• WHAT IS EXPECTED: Should a picture appear anywhere in the data, omit it and copy everything else exactly.

• DATASET:
+ + + + + + +

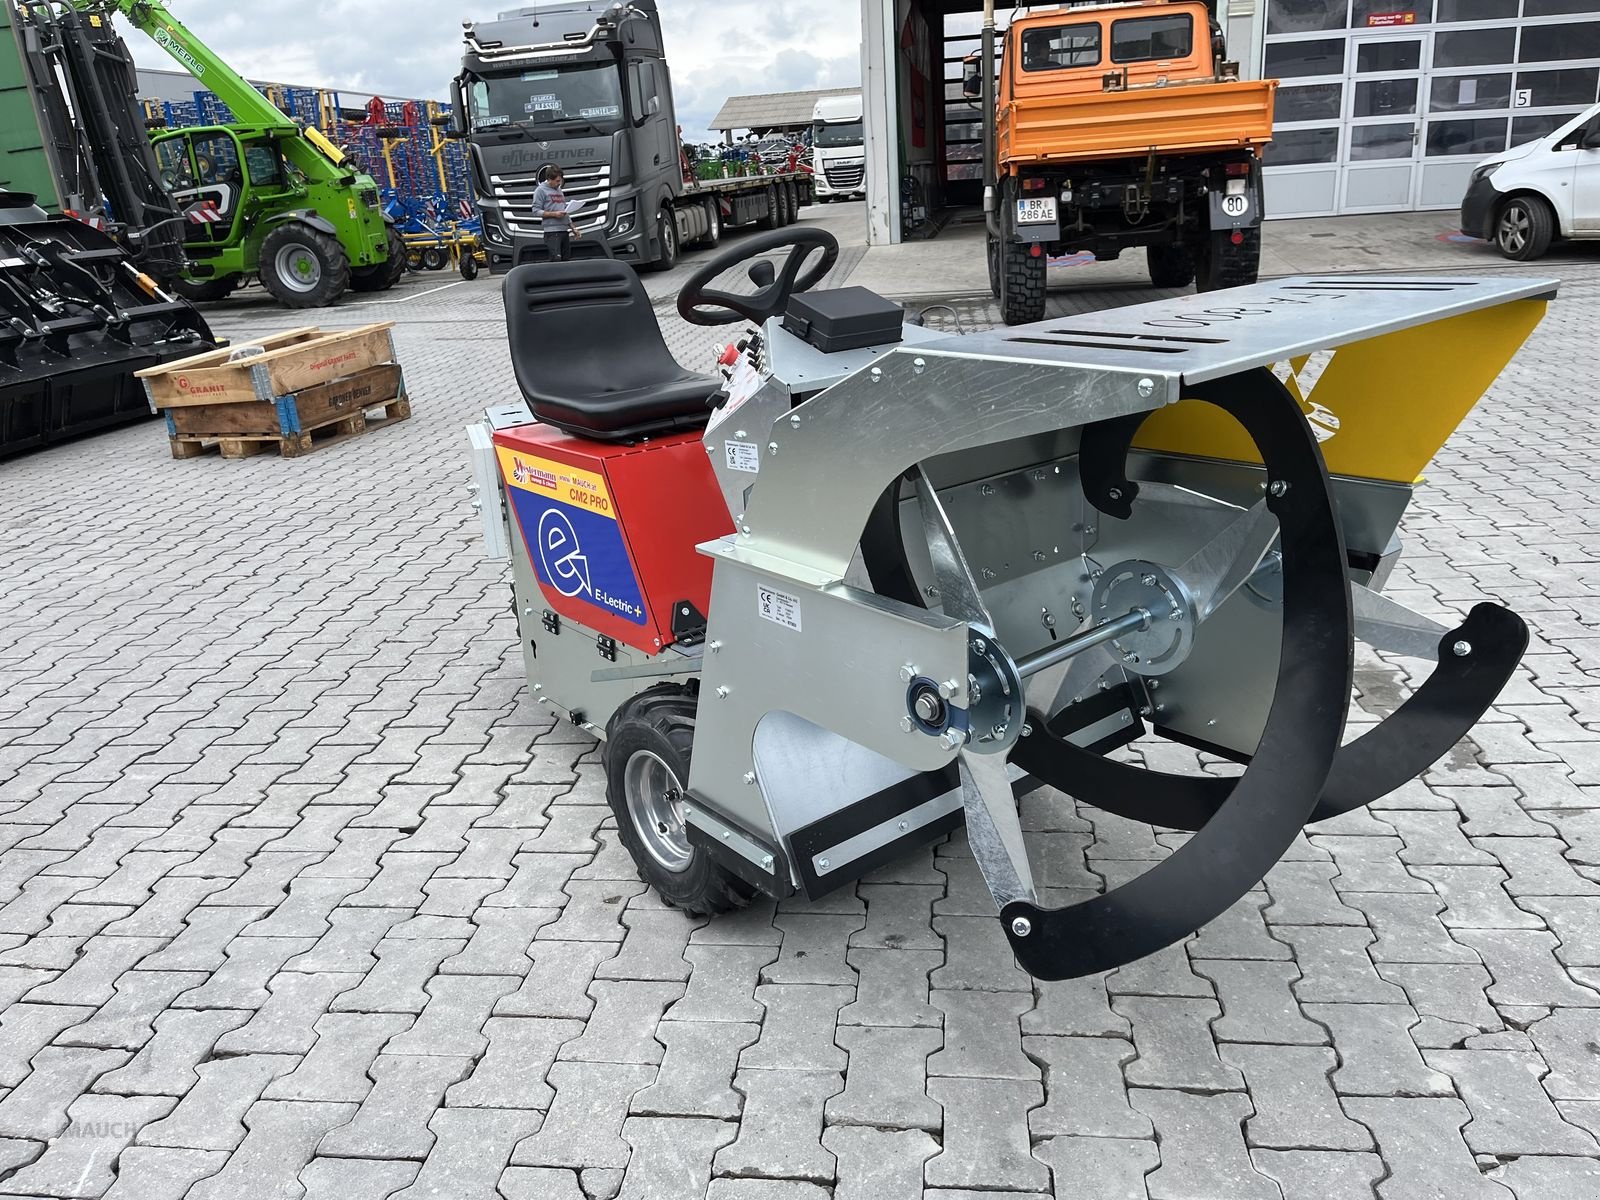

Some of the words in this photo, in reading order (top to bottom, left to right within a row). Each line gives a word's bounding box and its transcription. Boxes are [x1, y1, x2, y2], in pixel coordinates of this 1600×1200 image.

[170, 40, 205, 73] MERLO
[534, 101, 560, 111] ALESSIO
[1517, 91, 1527, 106] 5
[1030, 200, 1042, 210] BR
[1227, 197, 1243, 212] 80
[1020, 210, 1040, 220] 286
[1041, 209, 1054, 219] AE
[190, 384, 225, 394] GRANIT
[569, 487, 588, 505] CM2
[589, 494, 609, 511] PRO
[595, 588, 633, 614] E-Lectric

+ + + + + + +

• ANSWER FOR THE TASK:
Some of the words in this photo, in reading order (top to bottom, left to right within a row). Each line gives a word's bounding box and its transcription. Boxes are [x1, y1, x2, y2], in pixel coordinates of this 1600×1200 image.

[170, 40, 205, 73] MERLO
[534, 101, 560, 111] ALESSIO
[1517, 91, 1527, 106] 5
[1030, 200, 1042, 210] BR
[1227, 197, 1243, 212] 80
[1020, 210, 1040, 220] 286
[1041, 209, 1054, 219] AE
[190, 384, 225, 394] GRANIT
[569, 487, 588, 505] CM2
[589, 494, 609, 511] PRO
[595, 588, 633, 614] E-Lectric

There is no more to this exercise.